__SUPPLIED RECORDS__.
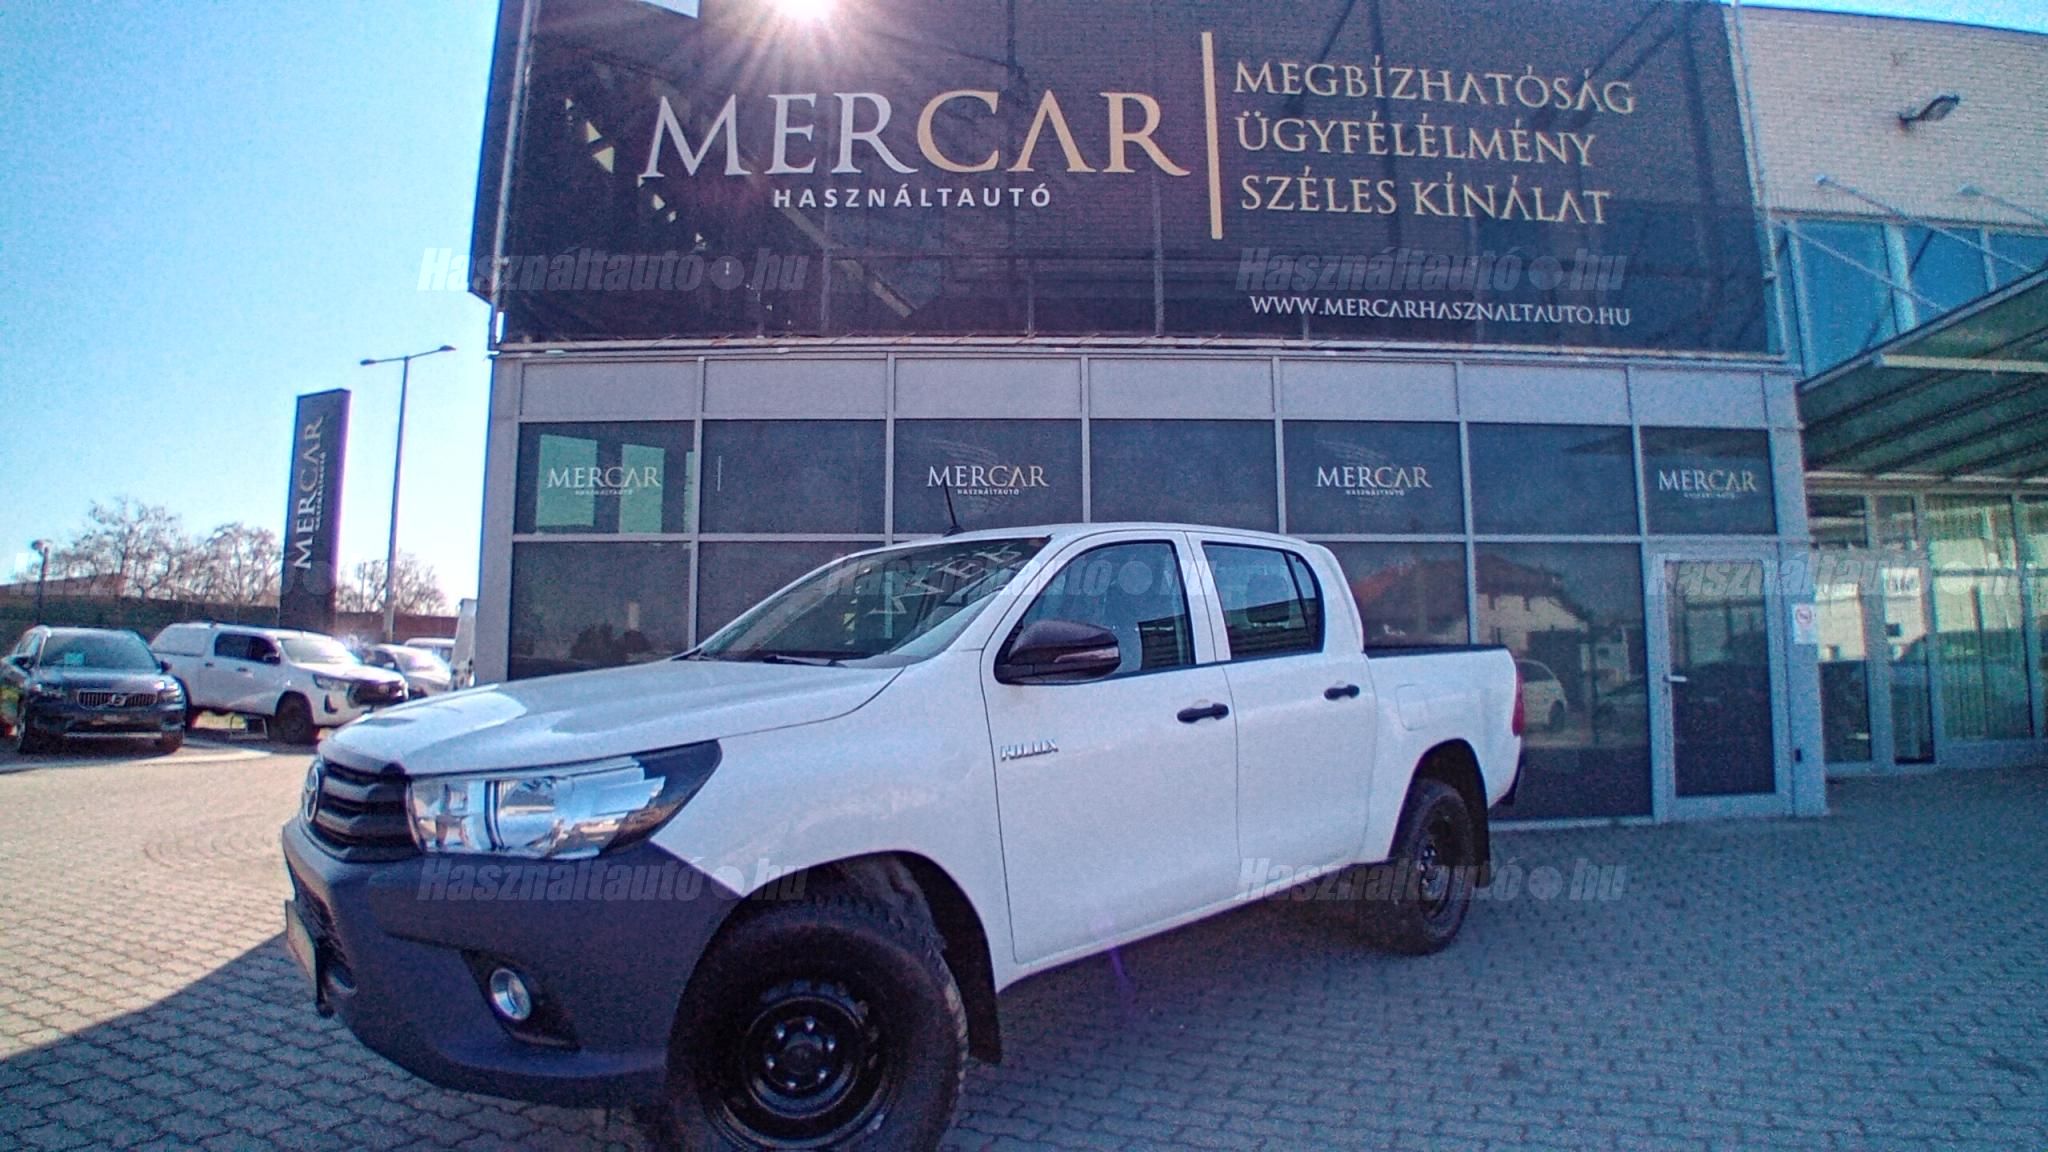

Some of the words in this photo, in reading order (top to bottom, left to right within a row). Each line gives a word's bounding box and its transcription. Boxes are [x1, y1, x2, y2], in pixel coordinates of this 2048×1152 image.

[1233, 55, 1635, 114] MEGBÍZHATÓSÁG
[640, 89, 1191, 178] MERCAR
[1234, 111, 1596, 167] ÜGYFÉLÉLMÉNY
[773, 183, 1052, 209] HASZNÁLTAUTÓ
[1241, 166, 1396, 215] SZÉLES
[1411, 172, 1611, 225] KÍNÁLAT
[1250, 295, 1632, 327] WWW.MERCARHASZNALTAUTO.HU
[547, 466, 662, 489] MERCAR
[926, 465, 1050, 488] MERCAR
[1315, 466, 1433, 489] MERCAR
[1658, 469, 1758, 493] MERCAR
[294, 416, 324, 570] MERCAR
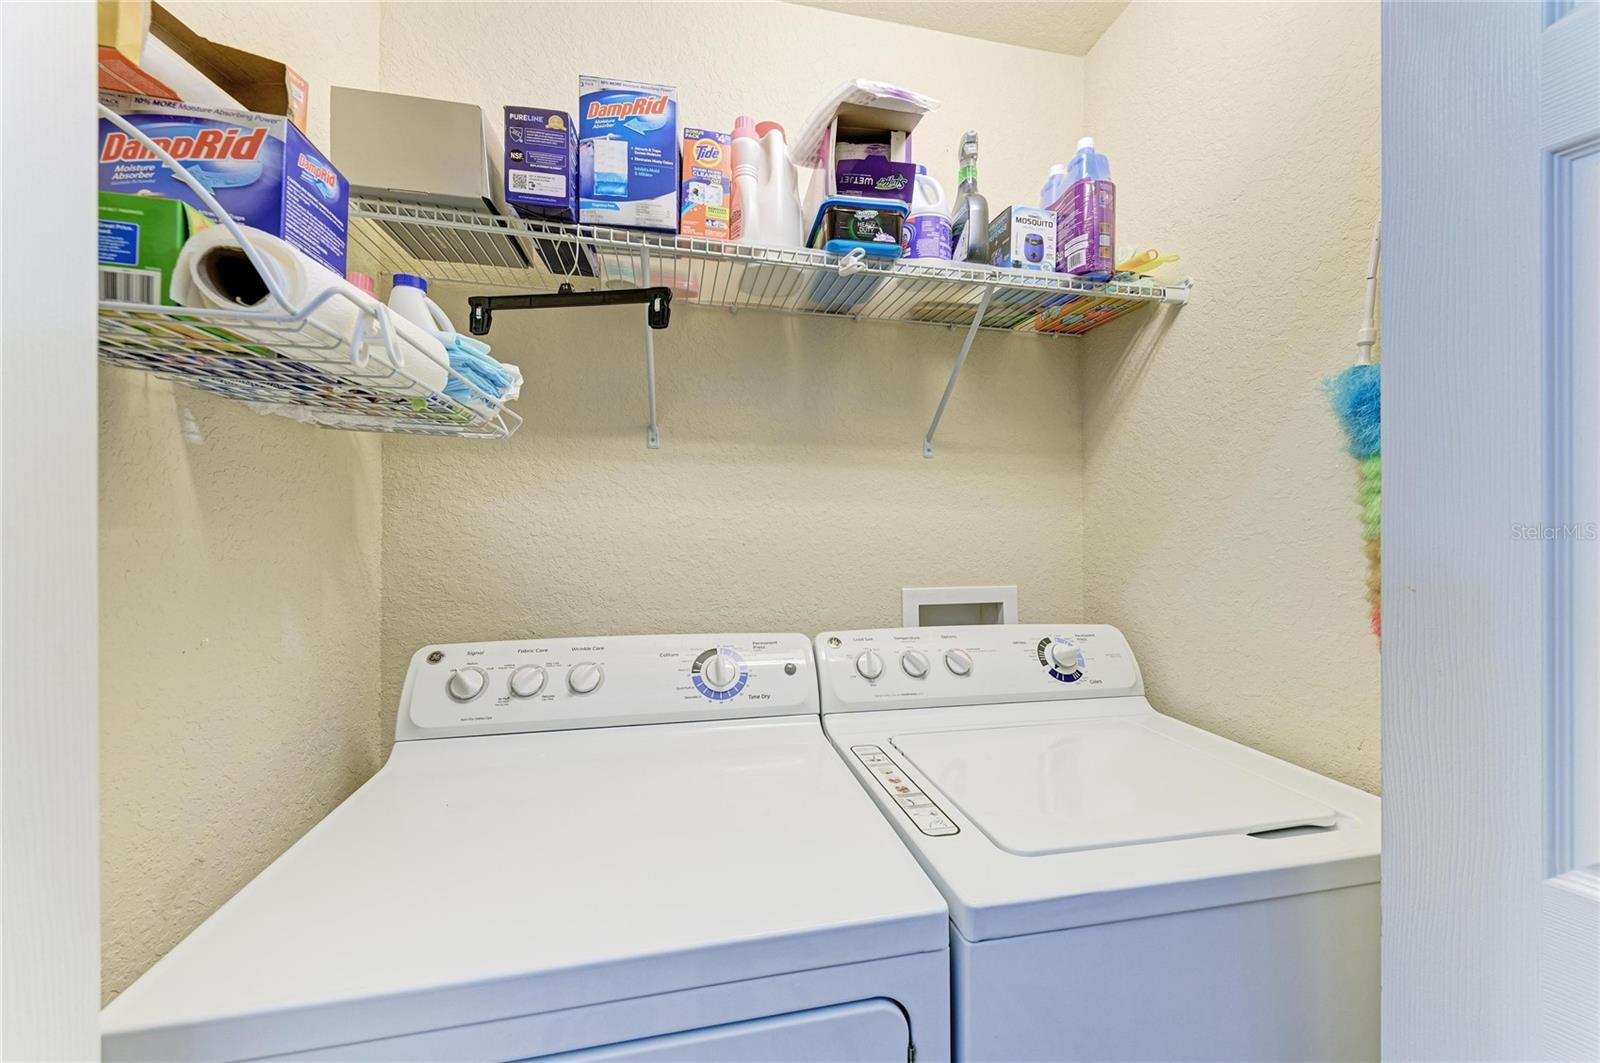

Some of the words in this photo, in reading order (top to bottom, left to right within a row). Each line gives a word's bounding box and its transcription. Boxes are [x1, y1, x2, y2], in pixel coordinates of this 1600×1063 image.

__PROBLEM DETAILS__.
Retype the material above exactly, images excluded.

__THE ANSWER__.
Some of the words in this photo, in reading order (top to bottom, left to right within a row). Each line gives a word's bounding box and its transcription. Boxes are [x1, y1, x2, y2], in pixel coordinates of this 2048×1152 image.

[1233, 55, 1635, 114] MEGBÍZHATÓSÁG
[640, 89, 1191, 178] MERCAR
[1234, 111, 1596, 167] ÜGYFÉLÉLMÉNY
[773, 183, 1052, 209] HASZNÁLTAUTÓ
[1241, 166, 1396, 215] SZÉLES
[1411, 172, 1611, 225] KÍNÁLAT
[1250, 295, 1632, 327] WWW.MERCARHASZNALTAUTO.HU
[547, 466, 662, 489] MERCAR
[926, 465, 1050, 488] MERCAR
[1315, 466, 1433, 489] MERCAR
[1658, 469, 1758, 493] MERCAR
[294, 416, 324, 570] MERCAR

Some of the words in this photo, in reading order (top to bottom, left to right within a row). Each line gives a word's bounding box and its transcription. Boxes are [x1, y1, x2, y2], in pixel coordinates of this 1600×1063 image.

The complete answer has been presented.